■ Required action: Please print, exactly, only the lines in the entries below from the line that has "this 1500×1125 image." through the line that has "this 1800×960 image.". Pictures don't go in.

━━ Dataset extract ━━

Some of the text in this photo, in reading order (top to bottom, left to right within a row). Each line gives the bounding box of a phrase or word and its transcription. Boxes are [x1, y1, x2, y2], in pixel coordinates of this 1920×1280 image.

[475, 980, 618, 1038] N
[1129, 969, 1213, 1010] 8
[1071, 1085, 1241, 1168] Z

━━━
━━ Dataset extract ━━

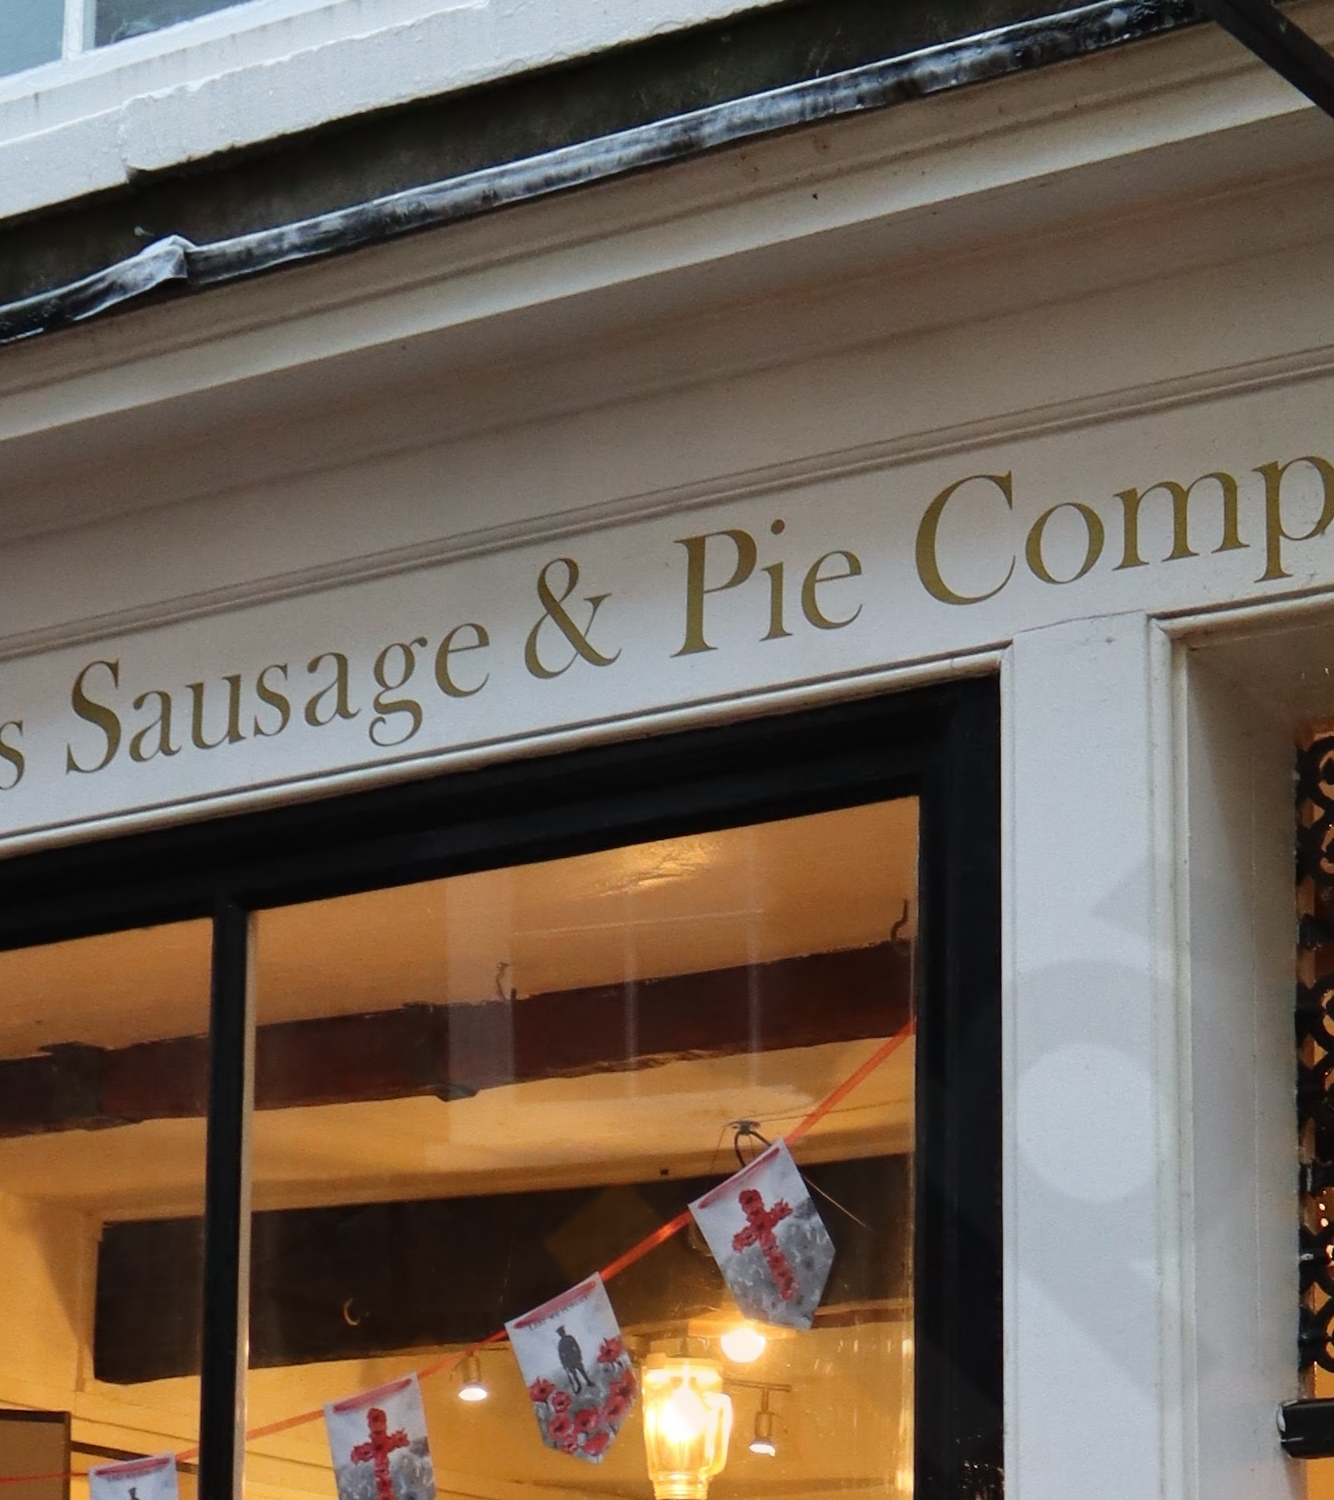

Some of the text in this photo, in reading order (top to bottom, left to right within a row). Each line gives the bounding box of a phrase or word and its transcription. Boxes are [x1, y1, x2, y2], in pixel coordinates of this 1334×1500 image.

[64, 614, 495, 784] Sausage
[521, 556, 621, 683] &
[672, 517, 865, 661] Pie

━━━
━━ Dataset extract ━━

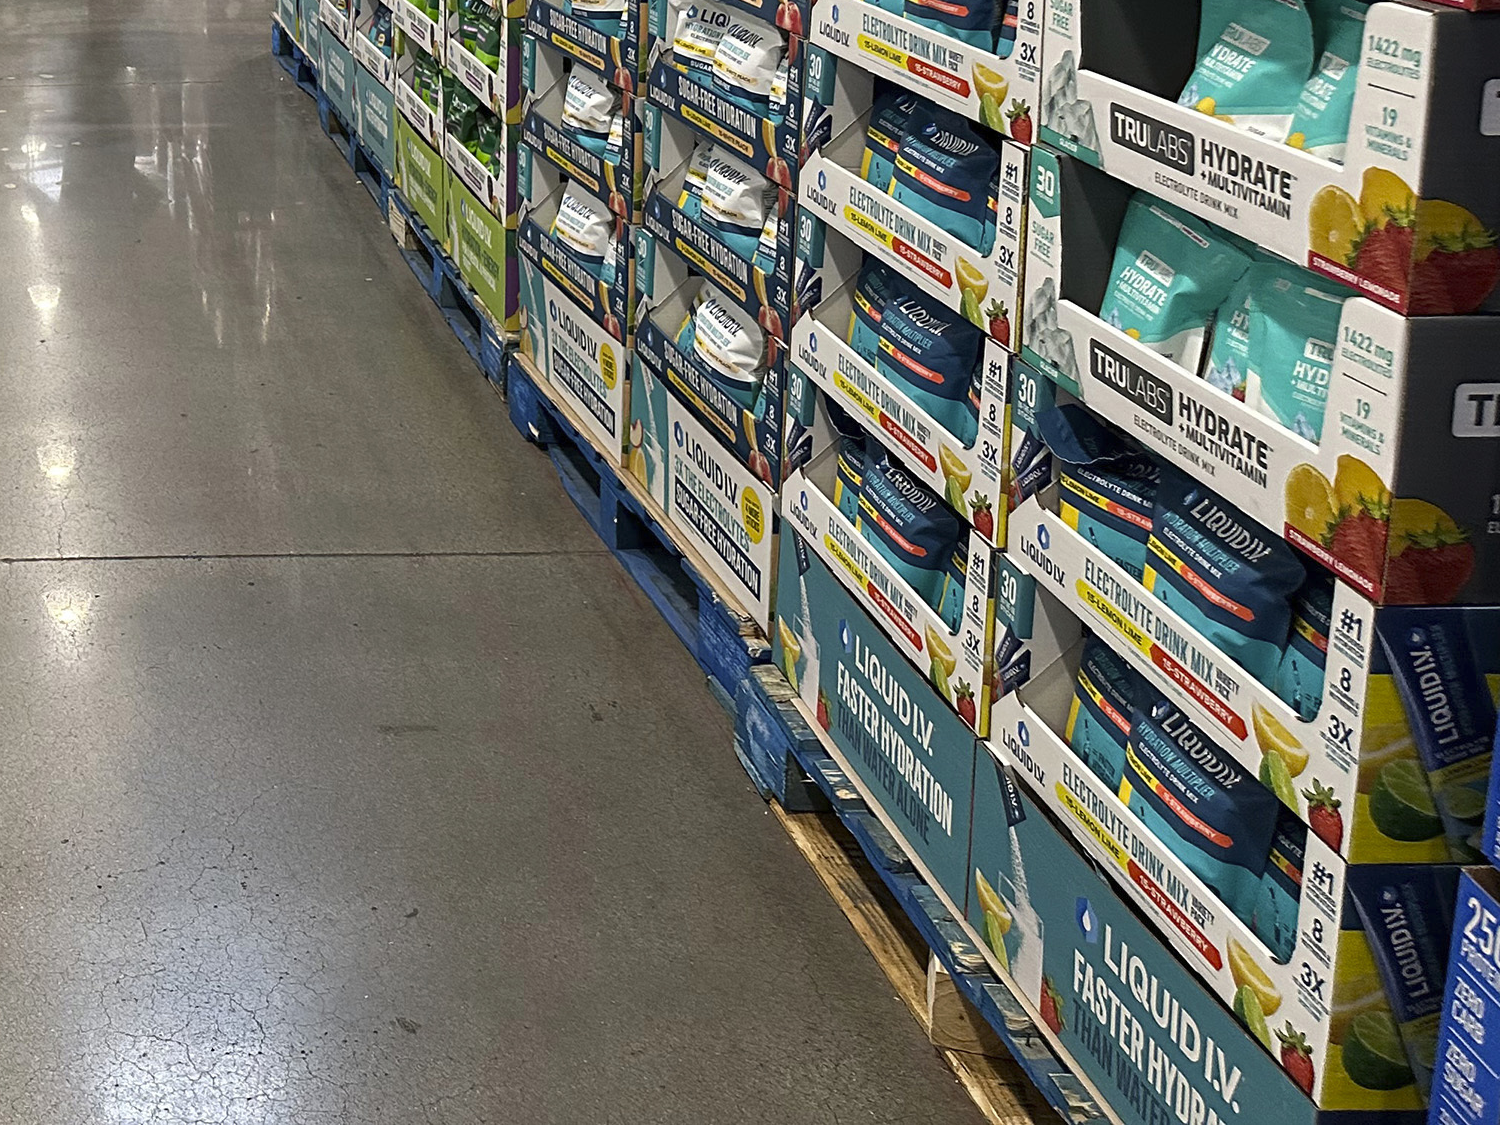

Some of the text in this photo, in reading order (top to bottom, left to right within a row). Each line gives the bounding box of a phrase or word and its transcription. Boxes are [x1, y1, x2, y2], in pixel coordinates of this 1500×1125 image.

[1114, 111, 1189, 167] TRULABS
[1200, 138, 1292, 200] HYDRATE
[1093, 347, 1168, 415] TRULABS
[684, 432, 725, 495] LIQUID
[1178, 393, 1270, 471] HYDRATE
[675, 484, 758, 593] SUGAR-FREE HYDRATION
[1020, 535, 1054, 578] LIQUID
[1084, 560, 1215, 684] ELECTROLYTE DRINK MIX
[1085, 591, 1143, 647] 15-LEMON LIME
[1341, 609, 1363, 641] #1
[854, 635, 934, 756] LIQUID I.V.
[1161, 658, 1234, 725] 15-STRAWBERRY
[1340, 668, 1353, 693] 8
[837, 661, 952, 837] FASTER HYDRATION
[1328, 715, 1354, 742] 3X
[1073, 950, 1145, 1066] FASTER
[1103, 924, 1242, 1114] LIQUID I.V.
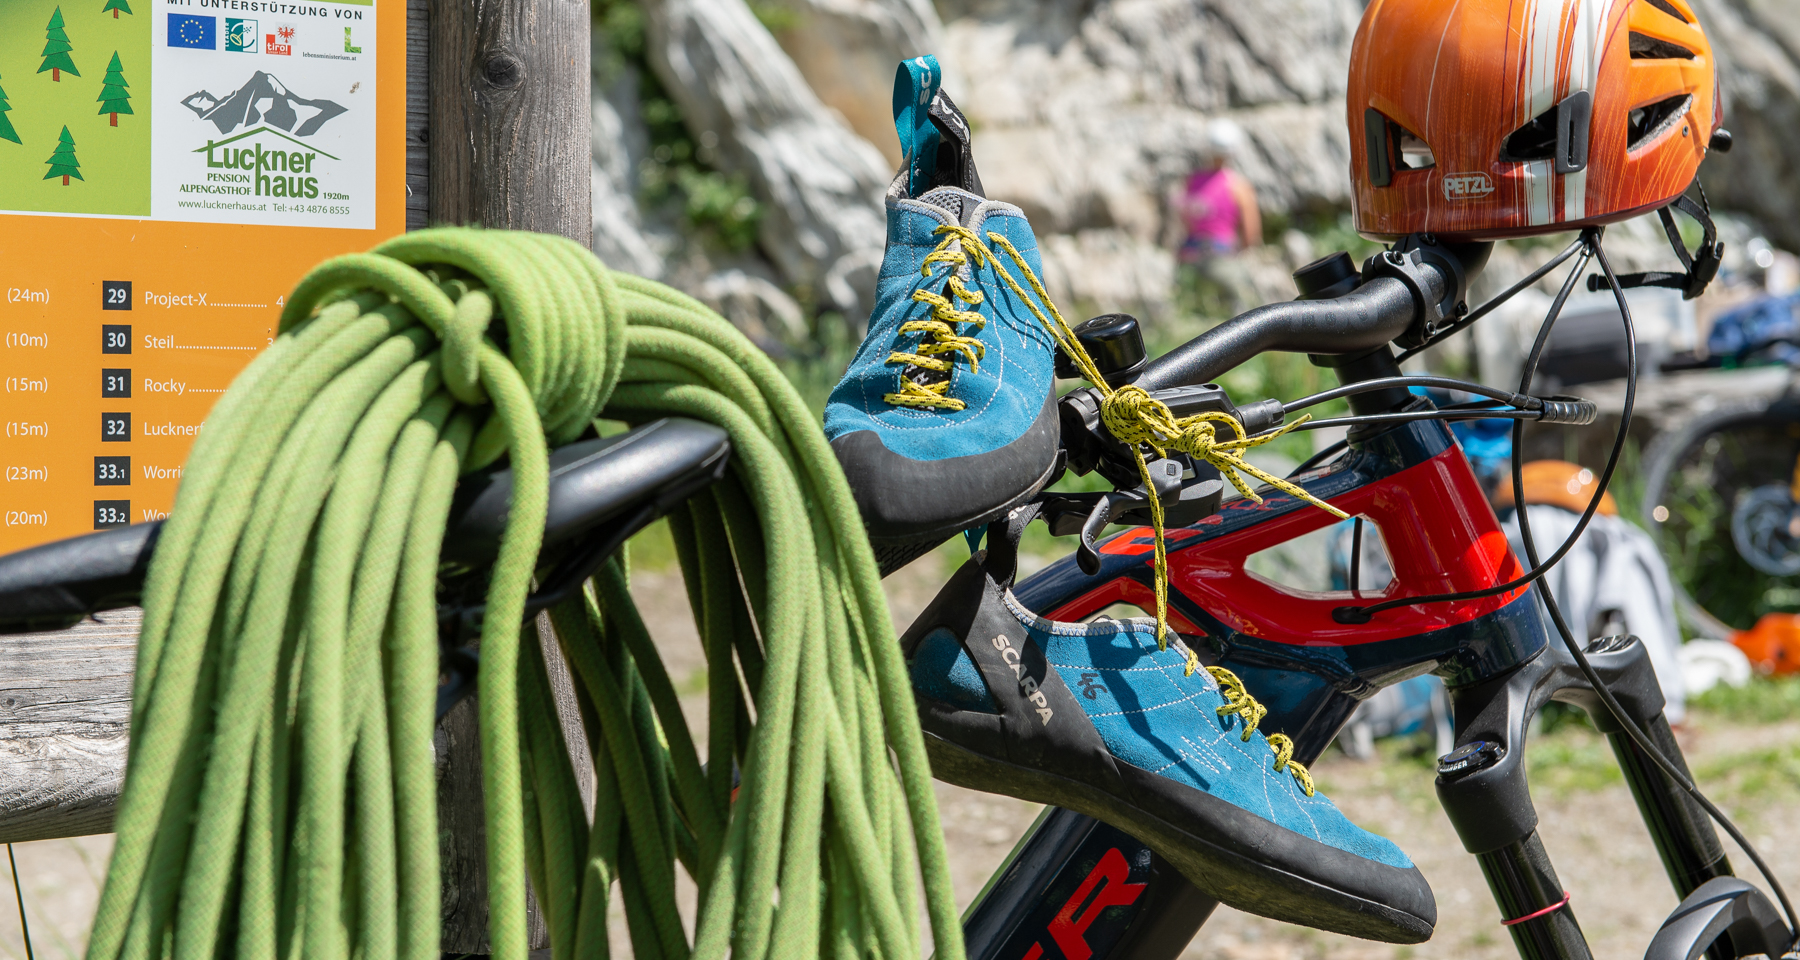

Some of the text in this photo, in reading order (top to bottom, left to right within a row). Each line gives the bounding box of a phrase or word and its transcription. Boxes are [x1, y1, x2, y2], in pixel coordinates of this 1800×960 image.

━━━

■ Answer to this exercise:
Some of the text in this photo, in reading order (top to bottom, left to right within a row). Each line gives the bounding box of a phrase or word and its transcription. Boxes are [x1, y1, x2, y2], in pixel coordinates of this 1500×1125 image.

[1114, 111, 1189, 167] TRULABS
[1200, 138, 1292, 200] HYDRATE
[1093, 347, 1168, 415] TRULABS
[684, 432, 725, 495] LIQUID
[1178, 393, 1270, 471] HYDRATE
[675, 484, 758, 593] SUGAR-FREE HYDRATION
[1020, 535, 1054, 578] LIQUID
[1084, 560, 1215, 684] ELECTROLYTE DRINK MIX
[1085, 591, 1143, 647] 15-LEMON LIME
[1341, 609, 1363, 641] #1
[854, 635, 934, 756] LIQUID I.V.
[1161, 658, 1234, 725] 15-STRAWBERRY
[1340, 668, 1353, 693] 8
[837, 661, 952, 837] FASTER HYDRATION
[1328, 715, 1354, 742] 3X
[1073, 950, 1145, 1066] FASTER
[1103, 924, 1242, 1114] LIQUID I.V.

Some of the text in this photo, in reading order (top to bottom, left to right within a row). Each line gives the bounding box of a phrase or word and its transcription. Boxes are [x1, y1, x2, y2], in pixel coordinates of this 1800×960 image.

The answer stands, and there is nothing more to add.